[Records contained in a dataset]
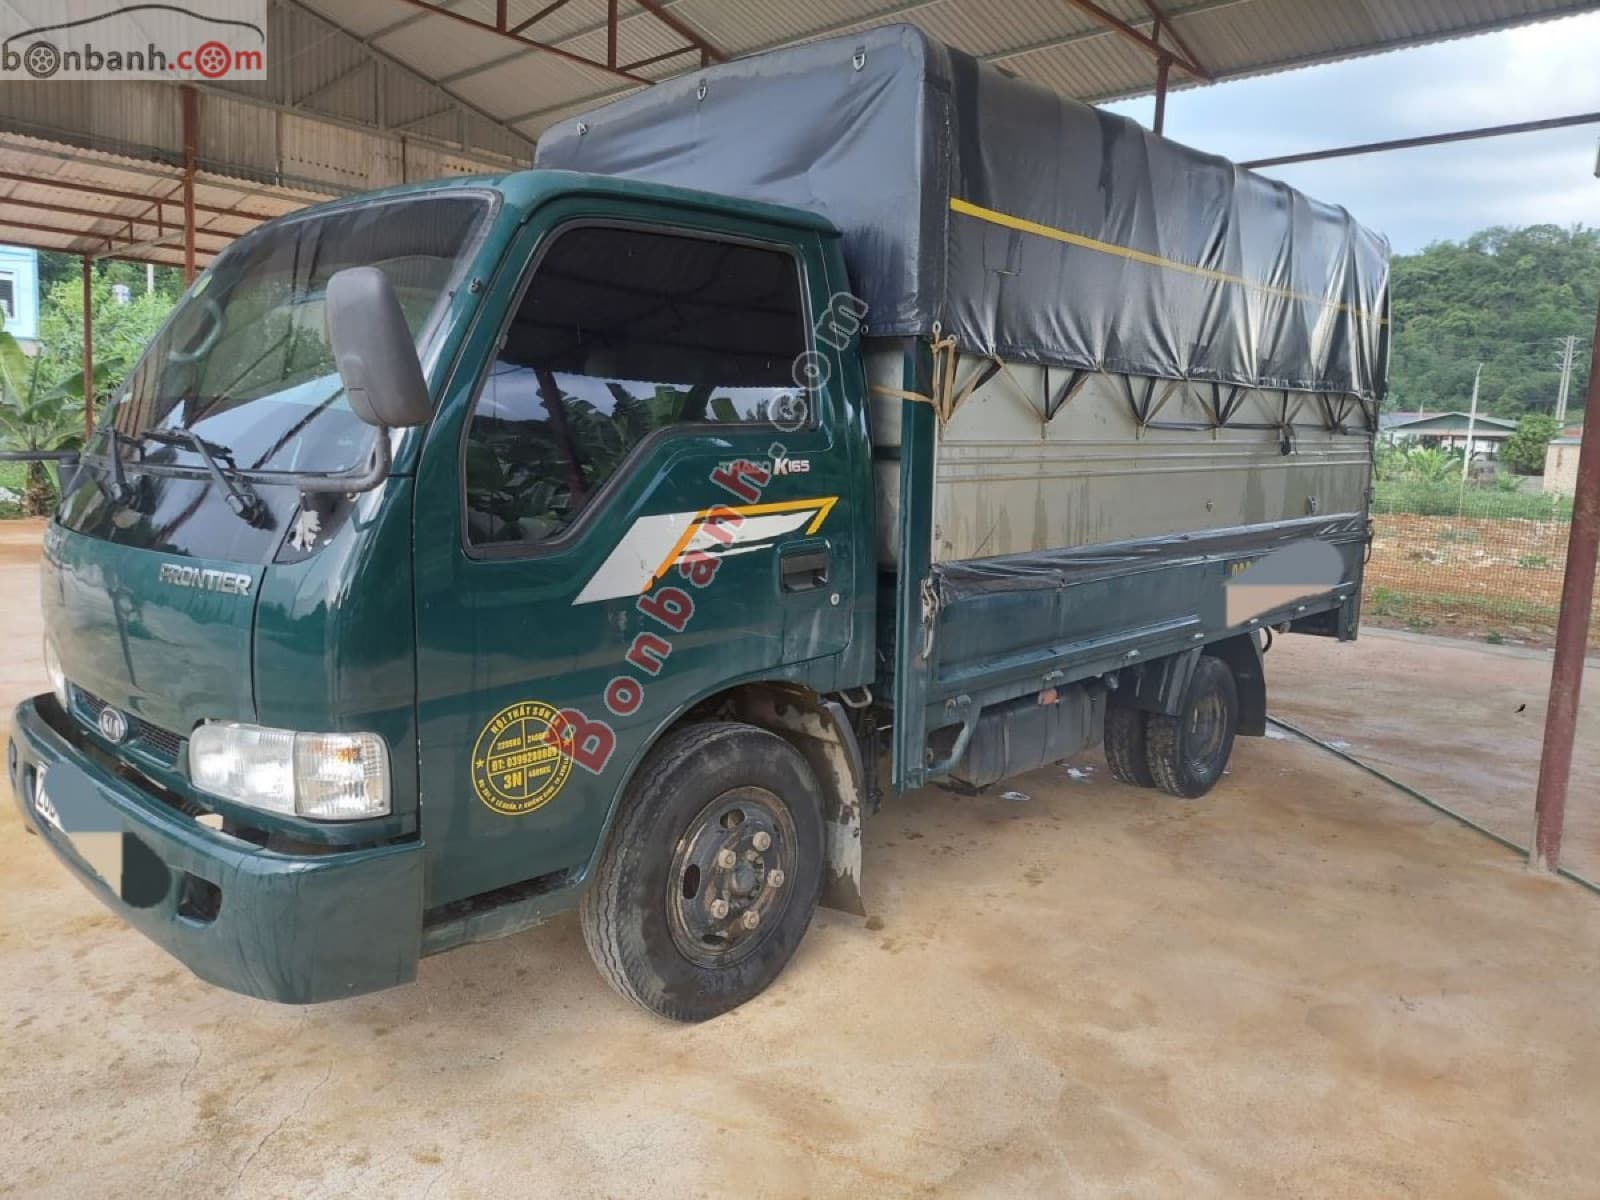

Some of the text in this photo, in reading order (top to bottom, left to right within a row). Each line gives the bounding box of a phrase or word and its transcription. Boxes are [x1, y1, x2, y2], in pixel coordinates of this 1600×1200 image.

[773, 457, 811, 476] K165
[159, 563, 252, 596] FRONTIER
[503, 771, 523, 790] 3N
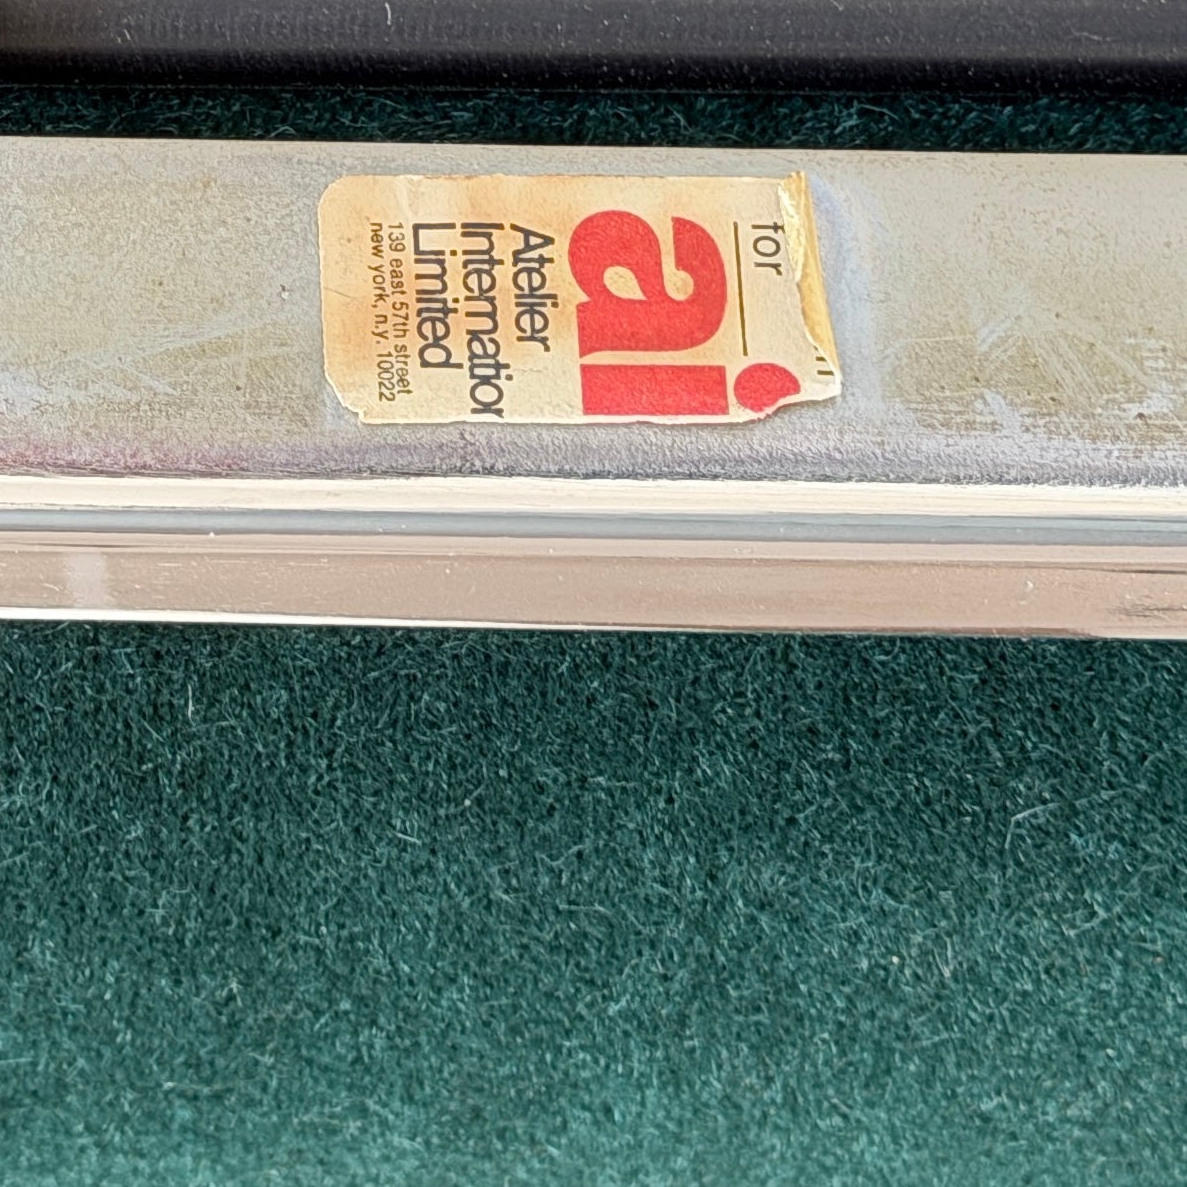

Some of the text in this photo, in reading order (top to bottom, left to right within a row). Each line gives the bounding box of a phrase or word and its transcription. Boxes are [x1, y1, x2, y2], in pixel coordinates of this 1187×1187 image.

[367, 222, 397, 403] new york, n.y. 10022
[387, 221, 414, 395] 139 east 57th street
[412, 222, 464, 369] Limited
[510, 222, 559, 353] Atelier
[568, 210, 801, 419] ai
[751, 221, 786, 276] for

[Work to be completed] Exactly the lines from the one containing "this 1187×1187 image." through the last line of the records are to be transcribed, both endpoints included.

[Output of the exercise]
Some of the text in this photo, in reading order (top to bottom, left to right within a row). Each line gives the bounding box of a phrase or word and its transcription. Boxes are [x1, y1, x2, y2], in pixel coordinates of this 1187×1187 image.

[367, 222, 397, 403] new york, n.y. 10022
[387, 221, 414, 395] 139 east 57th street
[412, 222, 464, 369] Limited
[510, 222, 559, 353] Atelier
[568, 210, 801, 419] ai
[751, 221, 786, 276] for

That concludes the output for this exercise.